A game-theoretic analysis of games with a purpose: Very interesting model

formulation. This paper takes the phenomenon of the ESP game and

establishes a theoretical formulation. There seem to be plenty of

directions for future research as listed in the conclusion section.

 

One thing that comes to mind is what outcomes we can expect if mixed

strategies are taken into account. is it reasonable to model players as

initially playing low effort and then switching to hight effort when they

realize that low effort is not succeeding as they would like? or perhaps

vice-versa: players play high effort and then tone down as they get tired.
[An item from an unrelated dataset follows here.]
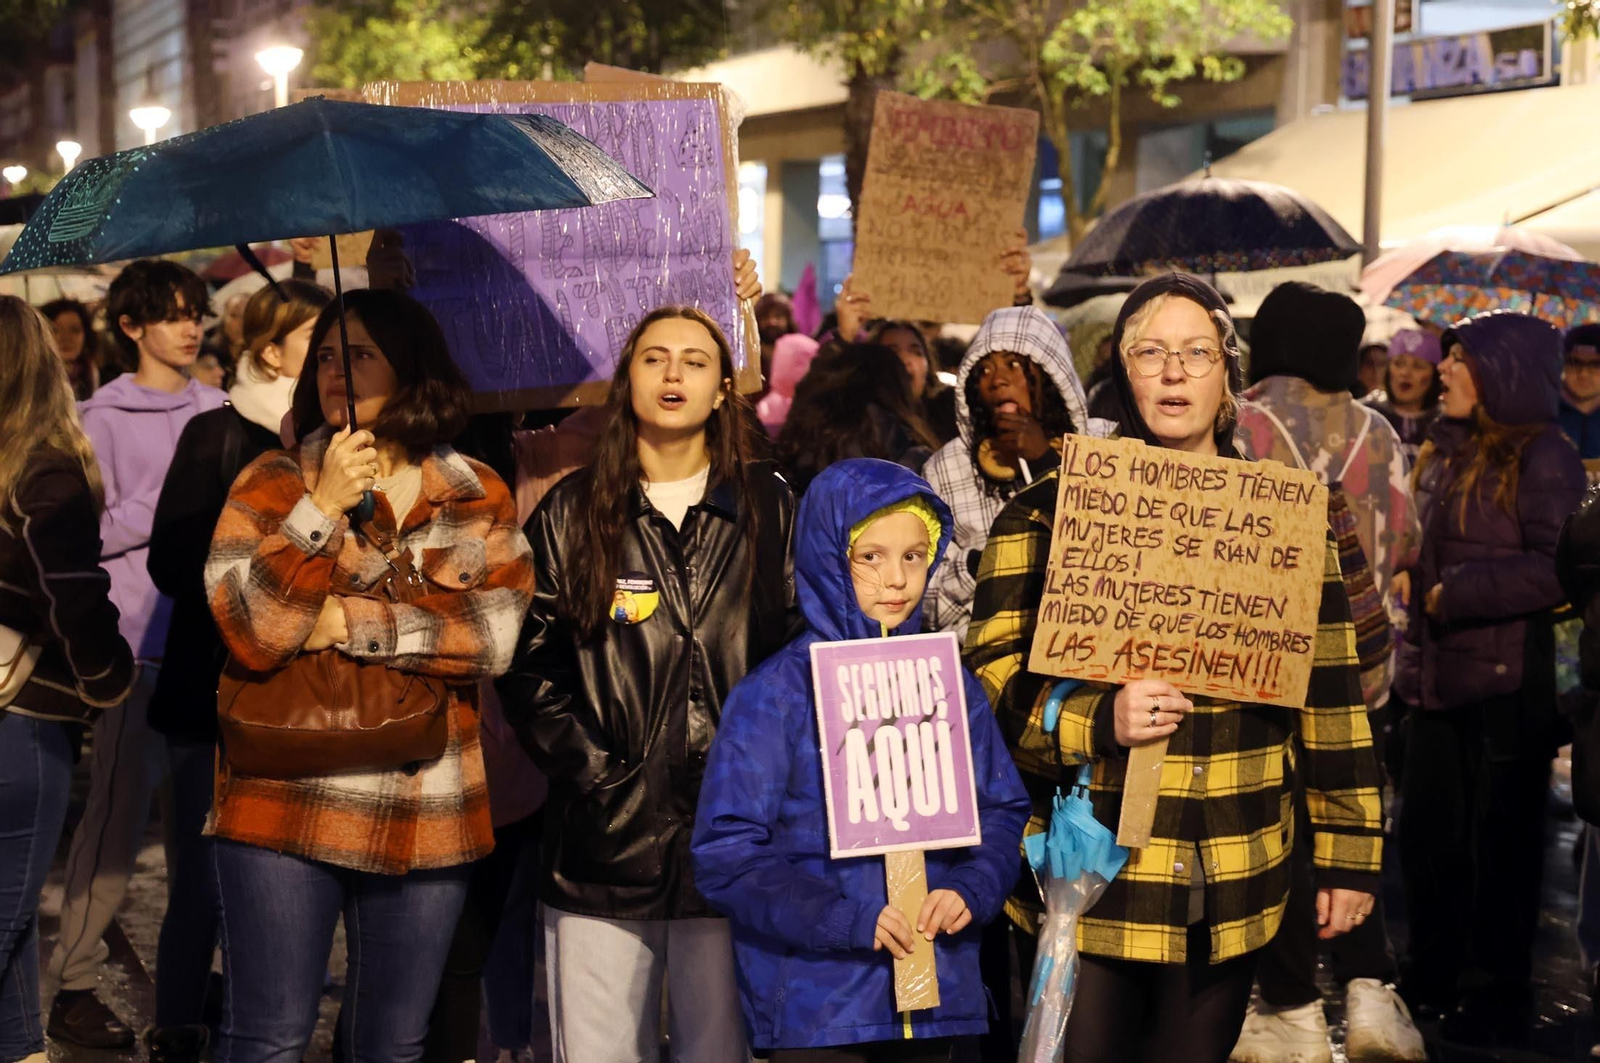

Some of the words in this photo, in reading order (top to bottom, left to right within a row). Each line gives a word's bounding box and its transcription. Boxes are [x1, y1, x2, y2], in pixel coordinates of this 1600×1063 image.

It would also be interesting to look at other preference models.

 

The paper models the game as a 2 stage process where the 1st stage

involves a decision on effort level and the 2nd stage involves a choice of

dictionary. Would it be possible to model this game differently? The paper

does mention that future work could consider taking into account a cost

associated with effort. Could we treat this as a repeated game with

discounting? an early win is highly valuable (in the early match

preference model) but later wins are less valuable. so utility obtained

later is discounted - which means that once players realize that an early

win will not happen they put in less effort.

 

Might players punish each other for not getting them a win? Suppose that

one player felt that somehow the other player was not putting in enough

effort?

 

 

Brian Young

 

Jain and Parkes leave it an open question whether there exists some method of causing players to choose rare words first. This seems unlikely to me under the current kinds of games.

 

As correctness of answers is verified only by confirmation from other players, getting people to input rare words is a difficult task, since the rarer a word is, the less likely it is to be matched by some other player. As such, people with more words in their dictionary than the average person does would have decreasing incentive to play words that the average person does not know -- in other words, they would "play down" to the average. Any incentive structure that could in fact incentivize rare words would have to deal with the possibility of allowing unique but irrelevant information to slip through.

 

My idle thoughts on generating more detailed results, though, led me to imagine a set of images that had all been tagged with the same or similar words. We might consider setting up a game in which one player, the "describer", was given one of those images to describe, knowing that the "guesser" would have to deduce which of those similarly-tagged images was being described. It's conceivable that this might result in more and more detailed information, to more accurately distinguish between similar images.

 

I also have to wonder: to what extent does knowing that the games they are playing have "a purpose" influence people's enjoyment? I remember how the site FreeRice, which combines a vocabulary quiz with donations to charity for each correct answer, was widely popularized, while a game that was nothing but a vocabulary quiz would most likely not have achieved such popularity on its own.